On le disait menacé par la gauche. Jean-Luc Moudenc, le maire divers droite sortant de Toulouse, est arrivé en tête avec plus de 37% des voixc au premier tour, avec 10 points et 15.000 voix d’avance sur le deuxième, François Piquemal (LFI). La gauche annonce une fusion ce lundi matin. Interview.
Il a le sourire, Jean-Luc Moudenc parce que les sondages ne lui donnaient pas de scénario aussi favorable jusque là. Le maire sortant divers droite de Toulouse est arrivé largement en tête au premier tour des élections municipales, avec 37,2% des suffrages. Derrière lui, les deux candidats de gauche, François Piquemal l’insoumis (27,5%) et François Briançon le socialiste (25%) annoncent une union de la gauche dès ce lundi.

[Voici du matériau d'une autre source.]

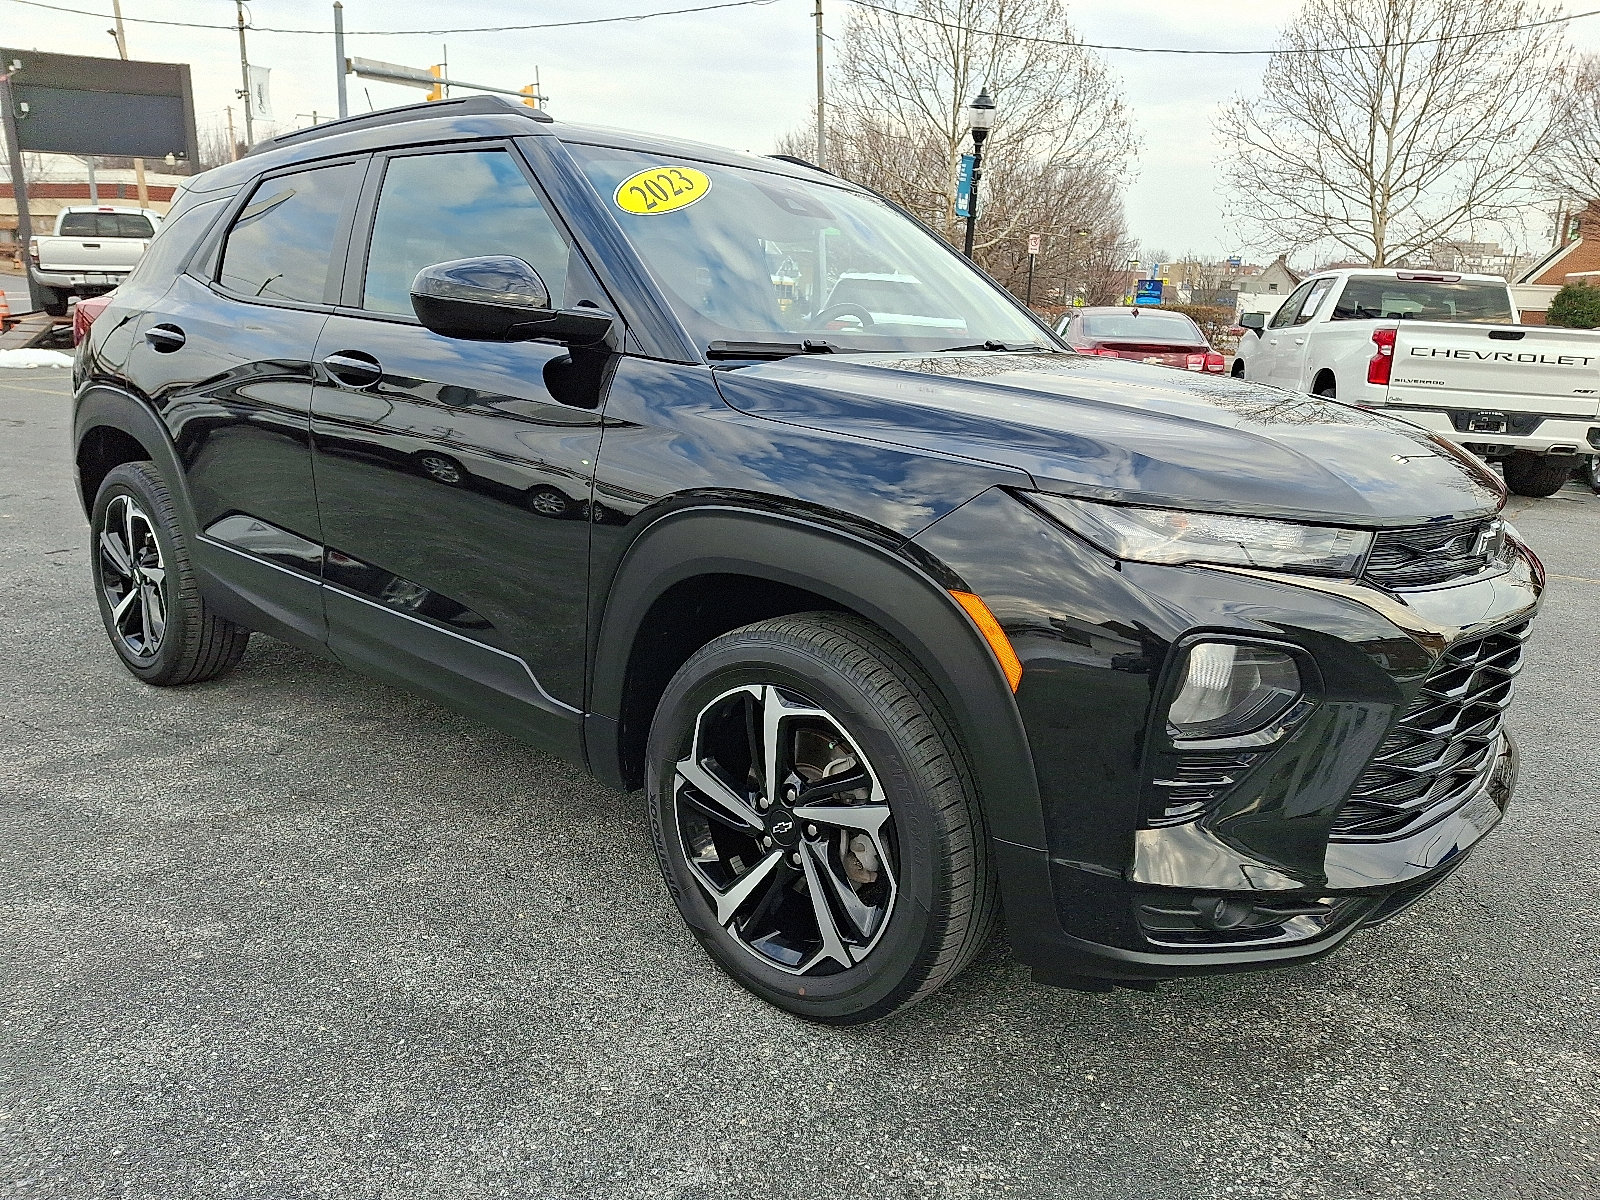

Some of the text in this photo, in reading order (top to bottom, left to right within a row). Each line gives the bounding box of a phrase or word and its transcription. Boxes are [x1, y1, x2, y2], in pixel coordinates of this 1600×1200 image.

[630, 169, 693, 210] 2023
[1410, 346, 1596, 367] CHEVROLET
[1394, 378, 1445, 386] SILVERADO

Cette alliance de la gauche s’y attendait. Pour l’ancien membre des Républicains, c’est avant tout le candidat Piquemal qui compte et la possibilité que la France Insoumise prenne le Capitole. Comme il l’a fait depuis le début de la campagne, Jean-Luc Moudenc tire à boulets rouge sur le camp insoumis. « Il faut amplifier notre dynamique du premier tour et barrer la route au mélenchonisme. François Briançon est la caution habituelle du mélenchonisme. Il les soutient à toutes les élections. Il s’efface à chaque fois. Il met de côté ses propres valeurs. Il ne considère que les sièges à conquérir. Ce que je crois, c’est que les Toulousains méritent mieux et que Toulouse doit réaffirmer dimanche prochain son attachement aux valeurs de la France, de la République et de la démocratie.

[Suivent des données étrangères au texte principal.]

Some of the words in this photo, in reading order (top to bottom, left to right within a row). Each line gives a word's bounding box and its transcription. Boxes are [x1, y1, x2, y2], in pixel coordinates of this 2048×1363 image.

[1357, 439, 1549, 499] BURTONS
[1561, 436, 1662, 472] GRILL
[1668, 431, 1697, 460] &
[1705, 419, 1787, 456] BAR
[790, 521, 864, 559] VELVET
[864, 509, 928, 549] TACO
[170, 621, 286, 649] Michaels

« Le maire sera Piquemal ou moi »
Le maire sortant DVD a fait ses calculs. Si on additionne le score des deux finalistes de gauche au premier tour à Toulouse dimanche soir, Jean-Luc Moudenc sait qu’il sera perdant. « Oui ça fait 52 %. C’est la raison pour laquelle je dis et je redis depuis longtemps que ce sera serré, que rien n’est joué, que tout est possible, qu’il faut que la mobilisation soit au rendez vous, au rendez vous autour du rassemblement que je propose. Je propose un rassemblement municipal qui permet d’unir les Toulousains par-delà leurs différences de sensibilités politiques, à l’image du travail que je fais depuis douze ans. Et Jean-Luc Moudenc s’ajouter. « Ce qui est clair, c’est que dimanche prochain, le maire, ce sera soit François Piquemal de la France Insoumise, soit moi même. Et donc c’est ce choix là qui est le choix fondamental M. Briançon, dans cette affaire, qui se contente d’un rôle d’auxiliaire d’assistant de M. Piquemal. Il se met dans sa roue à son service. Ce n’est pas glorieux du tout. C’est même déshonorant. »

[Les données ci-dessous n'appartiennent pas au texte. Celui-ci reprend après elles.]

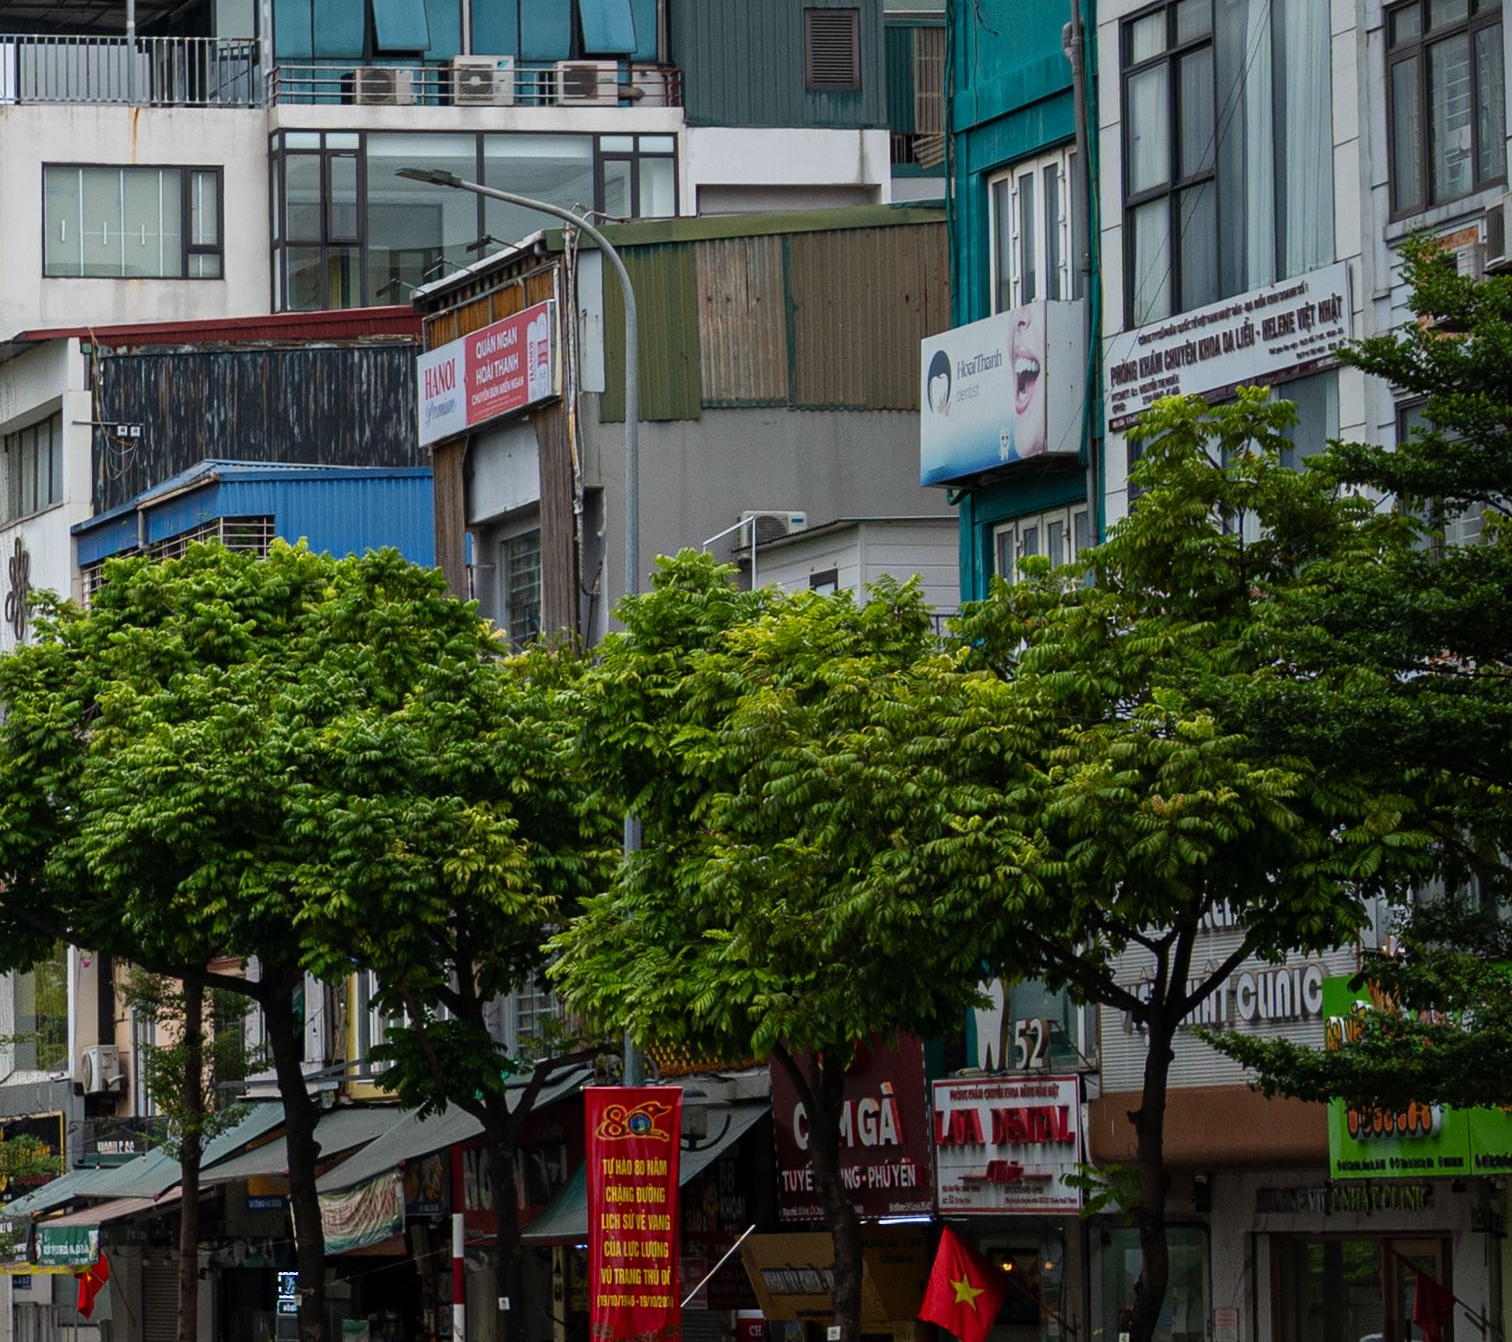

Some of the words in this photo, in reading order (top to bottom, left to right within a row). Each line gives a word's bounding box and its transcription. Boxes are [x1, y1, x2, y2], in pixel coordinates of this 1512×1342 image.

[475, 332, 496, 359] QUÁN
[497, 326, 518, 350] NGAN
[1111, 358, 1138, 387] PHÒNG
[1139, 349, 1163, 379] KHÁM
[1198, 333, 1222, 362] KHOA
[1223, 329, 1235, 354] DA
[1262, 311, 1295, 342] HELENE
[1296, 301, 1316, 333] VIỆT
[1318, 292, 1343, 324] NHẬT
[424, 357, 456, 401] HANOI
[475, 358, 494, 387] HOÀI
[494, 353, 519, 377] THANH
[1015, 1018, 1043, 1070] 52
[793, 1099, 855, 1151] CM
[857, 1081, 901, 1147] GÀ
[602, 1158, 615, 1179] TỰ
[615, 1158, 633, 1176] HÀO
[634, 1159, 645, 1176] 80
[647, 1158, 668, 1176] NĂM
[781, 1160, 816, 1192] TUYẾ
[605, 1185, 635, 1208] CHẶNG
[636, 1185, 666, 1204] ĐƯỜNG
[601, 1213, 621, 1235] LỊCH
[648, 1214, 671, 1232] VANG
[603, 1237, 622, 1258] CỦA
[622, 1239, 640, 1261] LỰC
[640, 1240, 669, 1263] LƯỢNG
[614, 1267, 642, 1286] TRANG

Quel report de voix à droite ?
Pour s’imposer dimanche prochain, le maire sortant DVD de Toulouse devra élargir son spectre s’il veut décrocher un 3e mandat. De quelle réserve de voix bénéficie Jean-Luc Moudenc ? Sa réponse quand on évoque les électeurs de Julien Leonardelli et Arthur Cottrel éliminés dimanche soir au premier tour. « Moi, je m’adresse pas aux candidats parce que je ne fais pas d’accords d’appareil. Je ne fais pas comme les deux François (Piquemal et Briançon). Moi, je m’adresse aux Toulousains et aux Toulousaines qui prennent leur décision individuellement et librement, sans obéir aux consignes de tel ou tel états-majors parisiens ou locales. Et à partir de là, j’ai l’intention de rassembler tous les Toulousains, des Toulousains qui sont plus à droite que moi, des Toulousains qui sont plus à gauche que moi. Je rencontre beaucoup de gens qui, depuis hier soir, me font savoir que si Monsieur Briançon se met derrière Monsieur Piquemal, ils ne suivront pas cette alliance contre-nature de bric et de broc. »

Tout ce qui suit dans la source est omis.